Note: Security provided by INS.
11 comments:
When has the U.S. ever paid back a cent they borrowed? How can it be said the U.S. is good for it's debts?
NAYO is outdated and really never was any good. Time to get out or make sure other countries pay up.
Russian aggression, how about U.S. aggression? Which country has forces in the most countries?
The people have been pushed around enough. Trump would not be where he is at today if that would not have been going on for many years.
We cannot choose to put our country ahead of bad politics. Bad politics has gotten us in the shape where we are today.
We impeached one president recently. It didn't work even though everyone knew impeachment was the right thing to do.

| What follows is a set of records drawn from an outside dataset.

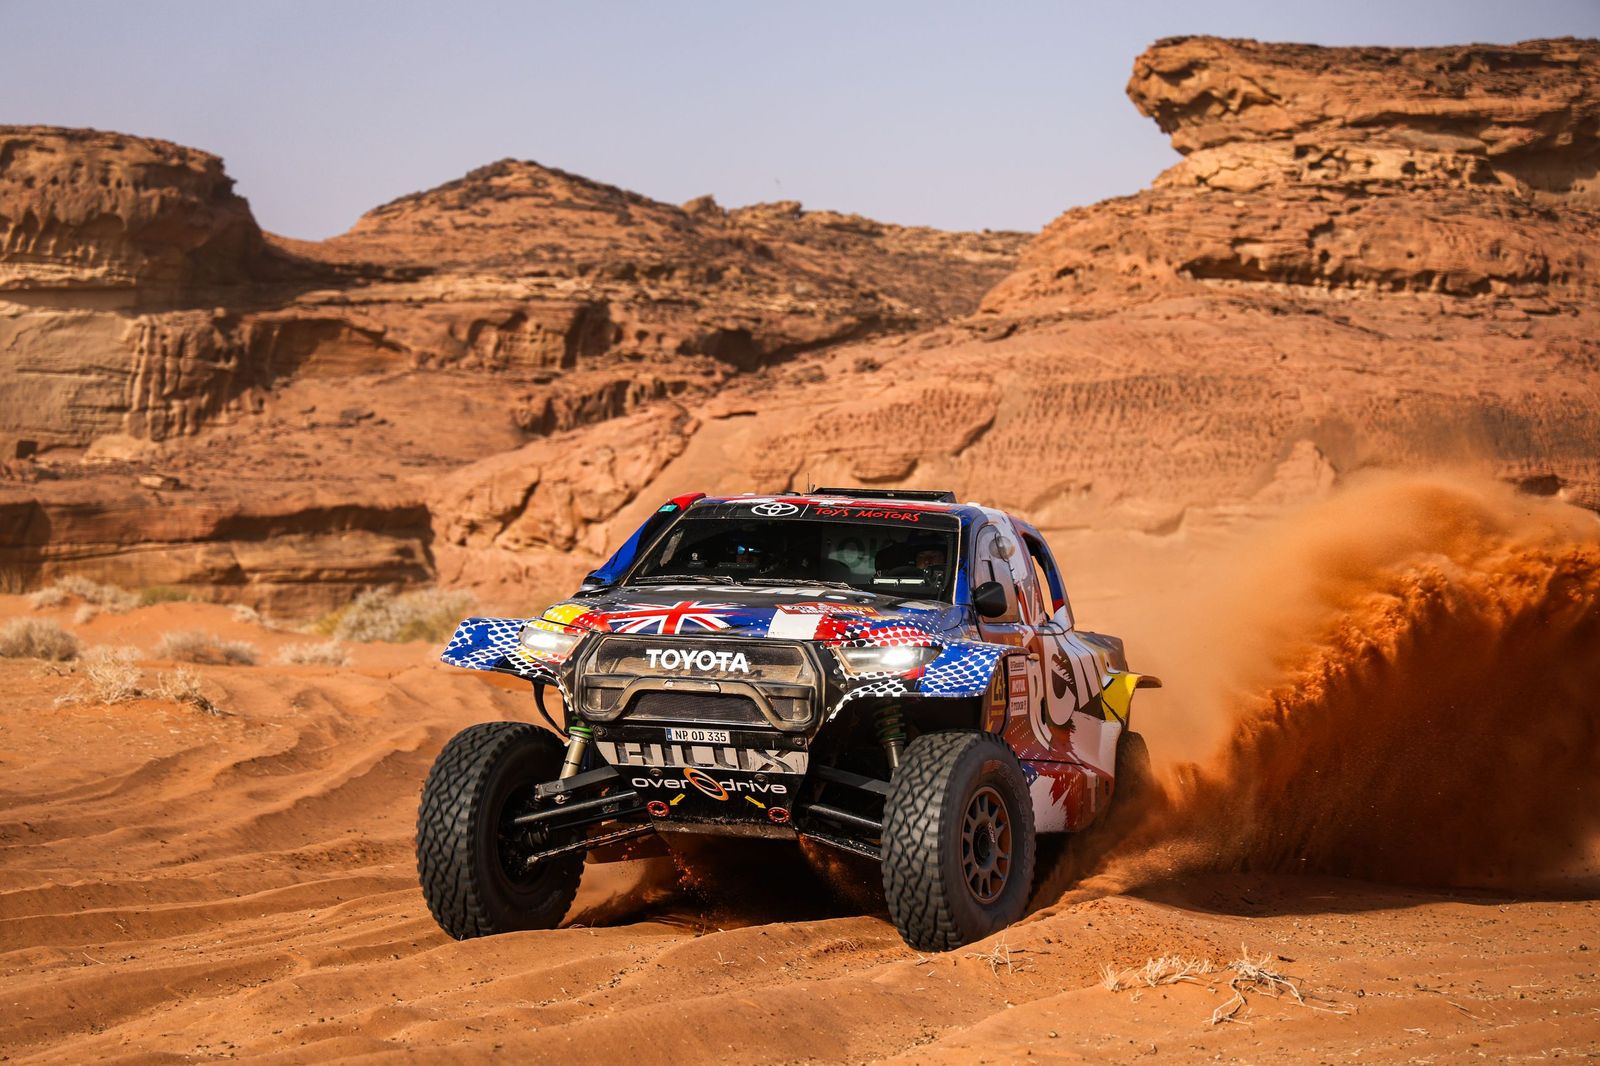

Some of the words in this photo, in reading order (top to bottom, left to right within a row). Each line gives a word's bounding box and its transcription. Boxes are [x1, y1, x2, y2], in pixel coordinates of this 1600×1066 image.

[813, 507, 849, 517] TOYS
[855, 509, 920, 522] MOTORS
[645, 648, 750, 673] TOYOTA
[674, 730, 689, 741] NP
[691, 731, 705, 741] OD
[707, 732, 727, 742] 335
[631, 777, 690, 789] over
[718, 778, 788, 794] drive

"Unwavering support" is pretty accurate as we have allowed them to erode our manufacturing economy. The global elites make so much money off free trade it is no wonder why hillarys financial backers want it to remain. Let's be honest, Russia isn't the godless commies they once were, they resemble fifty year old American principles more than we do today. Who in their right mind thinks America is going to make good on their debts? Keep dreaming Donald may have a little experience with benefits of bankruptcy which is exactly what this country is going to have to do. If not now, we are only delaying the inevitable. Luckily, our creditors don't have a LTV ratio they hold us to like most of us business owners have to deal with.

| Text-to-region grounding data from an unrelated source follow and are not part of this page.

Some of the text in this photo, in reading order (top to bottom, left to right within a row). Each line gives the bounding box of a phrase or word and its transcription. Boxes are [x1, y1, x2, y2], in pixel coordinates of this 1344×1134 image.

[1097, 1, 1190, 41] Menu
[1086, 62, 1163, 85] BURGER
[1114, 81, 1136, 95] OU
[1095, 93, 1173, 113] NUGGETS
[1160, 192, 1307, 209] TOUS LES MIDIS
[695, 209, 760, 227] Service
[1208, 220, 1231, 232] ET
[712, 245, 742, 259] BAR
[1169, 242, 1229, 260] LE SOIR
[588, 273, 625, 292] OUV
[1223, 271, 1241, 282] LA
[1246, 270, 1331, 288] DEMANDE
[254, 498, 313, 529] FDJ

Donald isn't perfect. Nobody has more disdain for a loud mouth rude lude yankee than the poster of this comment but I'll thappily take that over an above the law, socialistic, you people deal with more Syrians and BLM while I live in a Lilly white gated community Clinton.
Anybody, Jackson local liberals included, who prefers BLM to law and order but yet sends their kids to a private school and lives in an all white neighborhood is as far as I'm concerned a hypocrite.
I don't say this because I'm a racist, but because jobs is the only thing that is going to help blacks, not police departments that are scared to deal with their criminal element, and more entitlements that rot away their work ethic. They will come to ignore their crimes lest the democrats sic the justice department on them.
Getting a job as an op-ed writer in Meridian appears to be very easy, with few evident prerequisites.
What is 4:06 talking about? I assume they are attempting to be degrading but I don't follow. I suppose I'm to "stupid".
At 1:25, you're 3rd paragraph is word for word what I have said for years! Many of us think like this.
We should impeach state officials that skirt the law because they grant themselves exemptions to open records, open meetings, contracting, etc. And the reason they give.........trust us cause we understand better than you.
Politicians make laws to advance themselves. We, the people, have over time allowed them to put themselves above the law we all have to obey. It is time the people took back the govt. All laws should be for all of the people, not all except a ruling class.
I suppose I'm to "stupid".
I wouldn't rule that out, certainly.
I'm typing on an iPhone and left an o out of too? Why don't you respnd with a real comment so we can try and understand your point of view?
12:21, you are surely going to hell. Just wait until the English teacher happens to read your post. They will write another book on here explaining how smart they are and how dumb everyone else is.
Crawford couldn't be any more correct. And hate to be in agreement with USA Today, but this year has driven many folks to places they never expected to be.
Neither one of the major party nominees are trustworthy, reasonable, believable, or honorable. Probably could use many more definitions and they would apply to both these sorry ass individuals.
Don't know if an impeachment can be done, but it certainly would lead to a much better future than currently facing us. Four years of Kaine isn't what I would hope for, but its better than any under Clinton. Trump hasn't got a chance of a snowball in a Mississippi summer, but if he were not in the way could be happy with four years of Pence.
Hope Crawford might be predicting a real possibility here. Its the only hope for our children and grandchildren.